By Stefanie Davis
“She holds fast to the last thing,” Sarojini said. “You are a daughter of independence, the country’s future. Women like you are the ones for whom we fought and died, the ones who will transform India. You must carry the flag forward. You may fall from time to time. We all did. What is important is to get up again.” (Divakaruni, p. 269)

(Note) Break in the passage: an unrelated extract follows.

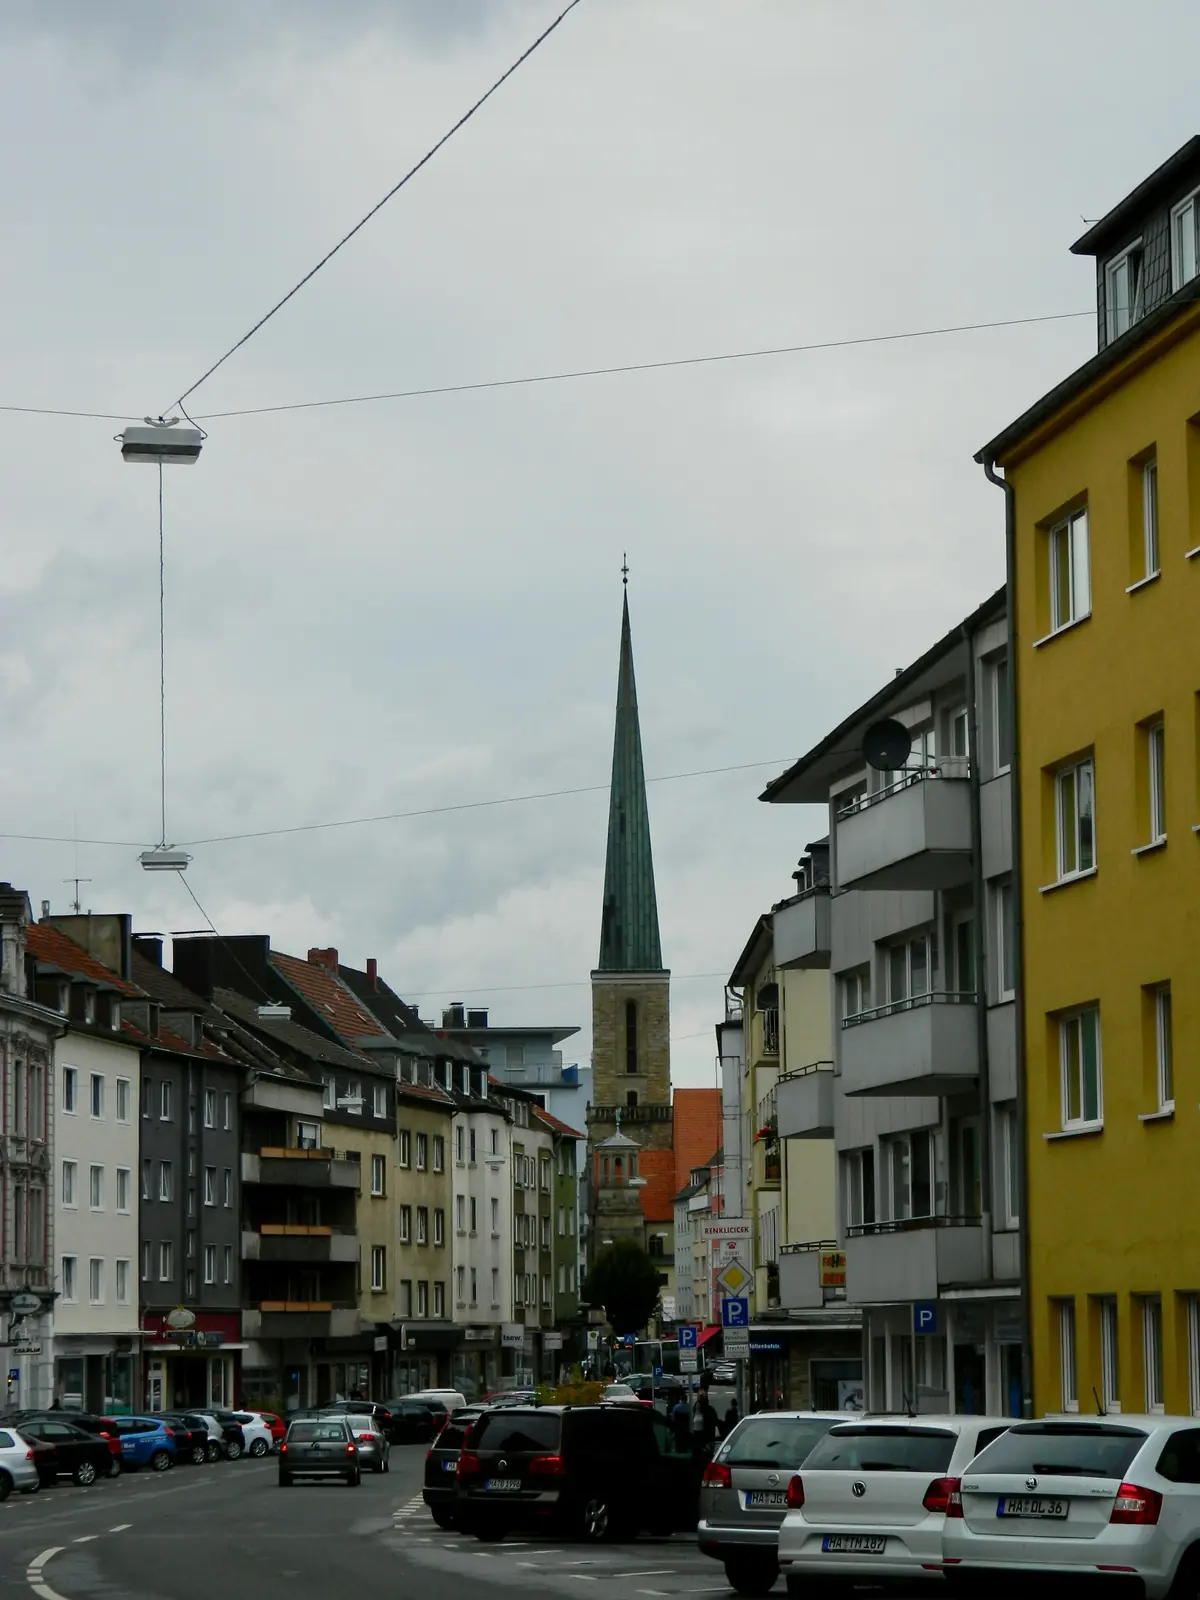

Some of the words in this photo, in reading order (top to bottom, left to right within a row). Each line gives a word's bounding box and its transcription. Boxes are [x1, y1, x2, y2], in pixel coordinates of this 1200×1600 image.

“Independence” by Chitra Banerjee Divakaruni is set during the partition of British India. It is a tale of sisterhood, love and the fight for India’s independence. The story follows the wife and three children of a well-respected doctor in the village of Raniupur: Bina, the mother; Priya, the intelligent one; Deepa, the beauty; and Jamini, the devoted disabled daughter. Their family is torn apart when their father is killed during one of many riots. Priya is determined to become a doctor and continue her father’s work serving the poor and vulnerable patients at his clinic. However, her family expects her to get married. She has fallen in love with and becomes engaged to a Hindu man named Amit. As she later learns, her sister Jamini also has feelings for him. Priya’s fiancée breaks things off when she decides to leave him and head to America to pursue her medical career. Their sister, Deepa, falls in love with a Muslim man, causing her family to cut ties with her. Jamini is left home alone to care for their mother and attempt to keep the family together.
This story has strong female characters, great detail of the historical and political upheaval of the time and some Bengali terms, as well as rituals and traditions. For similar reads, check out “Moth” by Melody Razak, “The Parted Earth” by Anjali Enjeti, “And the Mountains Echoed” by Khaled Hosseini and “Salt Houses by Hala Alyan.